As a middle schooler, I wrote stories about fictional characters, manifesting events that I hoped would unfold in my life (I remember one specifically about a girl who goes to a lake in the summer with friends, her crush telling her he liked her, them sharing a kiss on a boat one afternoon). I wrote fiction because I didn’t know how to write about my life other than writing in my diary. I had file after file of stories on my eMac computer, most lacking endings. 

In high school, a few of my teachers had us write stories in the style of an author, which was my favorite way to show my understanding of a novel (like writing a “grotesque” a la Winesburg, Ohio by Sherwood Anderson, or writing in the style of Virginia Woolf in Mrs. Dalloway, the sentences verging on run-ons, lyrical and open). One teacher had us write page 200-something of our life memoir. I wrote about taking the crosstown bus to see my sister and meet my niece/nephew for the first time. 

My friends and I became obsessed with freewriting after our teacher, Annie Thoms, had us get in the habit at the beginning of her writing workshop each day: set the timer, 10 minutes, only one rule — Don’t. Stop. Writing. Gemma would message me prompts on iChat in the evenings, a spattering of seemingly disconnected words — rose, schoolbus, blood, feather, bag of chips — and I would give her one in return — water bottle, field, purse, knife, lamp. We’d set our timers and see what would come out.

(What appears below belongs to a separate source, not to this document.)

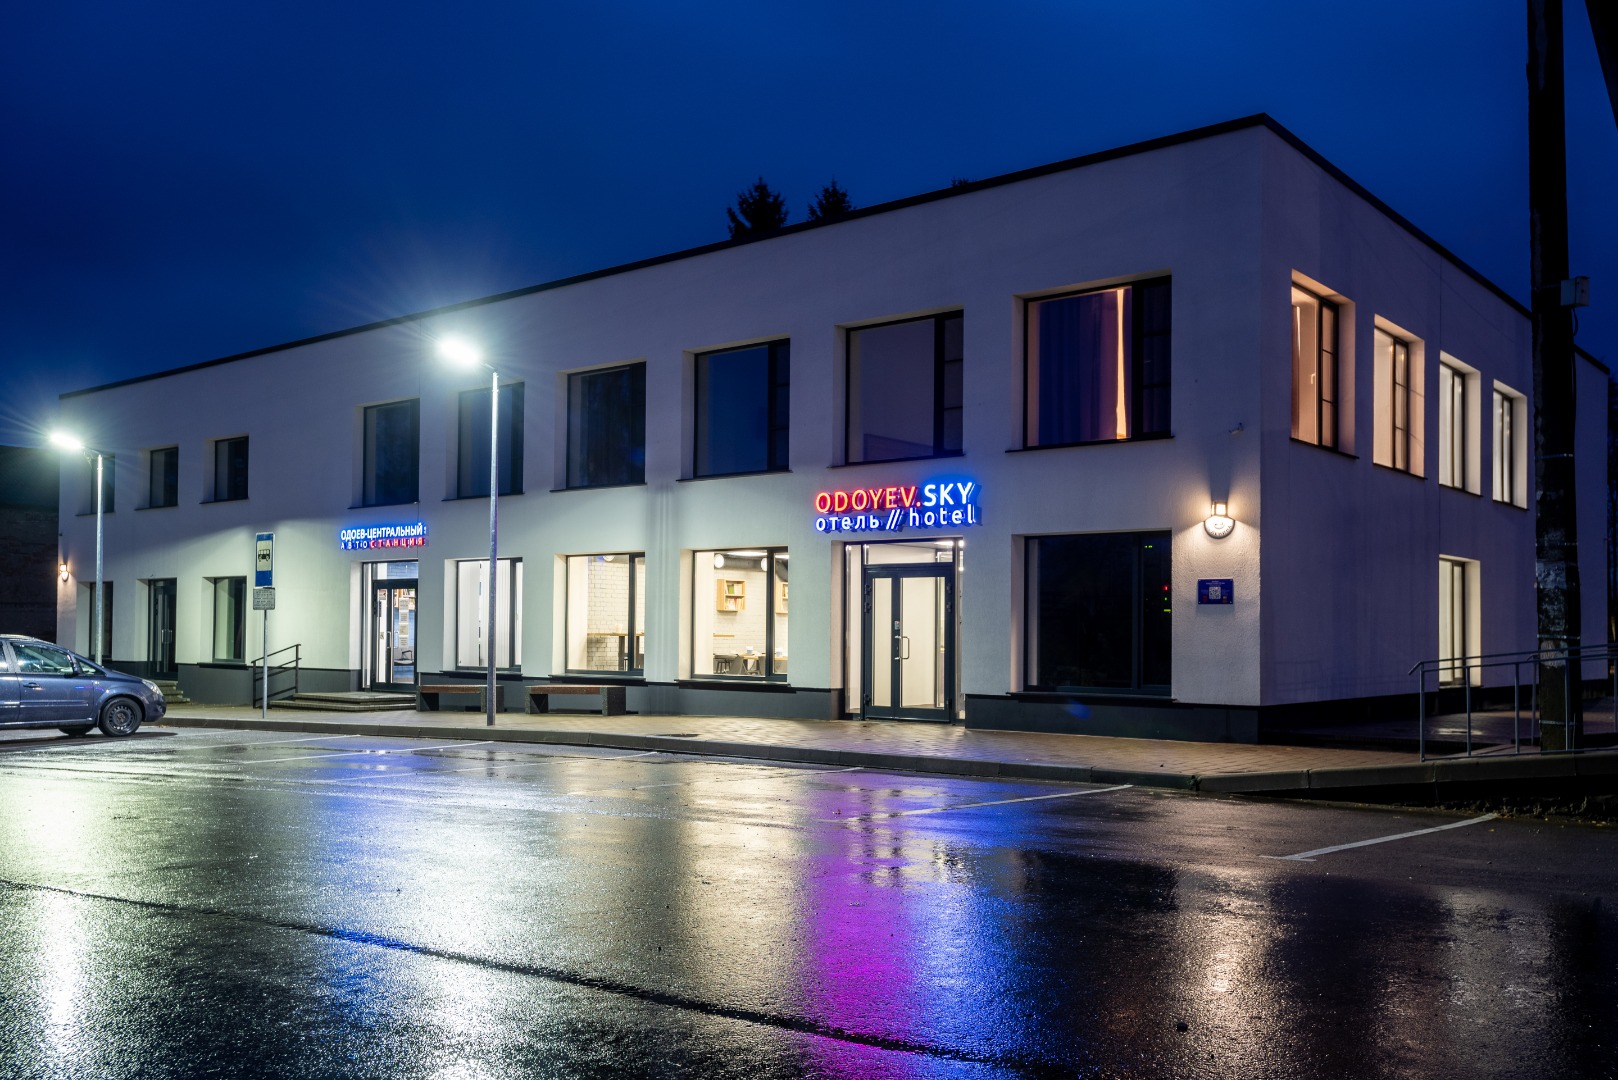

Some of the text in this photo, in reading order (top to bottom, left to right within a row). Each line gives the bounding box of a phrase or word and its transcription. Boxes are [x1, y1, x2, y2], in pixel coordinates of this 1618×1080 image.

In college, I went to school for creative writing and literature, thinking I’d write the Next Great American Novel. What I found was that I was much more interested in writing creative nonfiction than anything else. In my fiction classes, I’d end up writing memoirs thinly disguised as stories, and I wouldn’t get away with it. 

“The craft is good,” my fiction professor would tell me when it was my turn for feedback, “but it doesn’t read as fiction.”

I was lucky to take a class with professor and writer Kirsten Lunstrum, who encouraged my genre-bending and personal narrative writing. The first personal essay I wrote for her seemed to climb its way out of me, my fingers racing across the keyboard as I hurried to catch it all. I later took an independent study with her where I practiced more memoir writing and dipped my toes into fiction in a safe, brave space. But she left before my senior year, and I never got the mentorship — nor had the confidence — I felt I needed to finish with a strong creative writing project. I set aside my 30-page personal essay about me, my sister, and my mom, and focused on my literature thesis. I dropped the final required creative writing seminar and graduated without the double major. 

I carry a lot of shame around that decision. 

What was wrong with me that I couldn’t write actual fiction? What was wrong with the other creative writing professors that they couldn’t see the value in memoir? 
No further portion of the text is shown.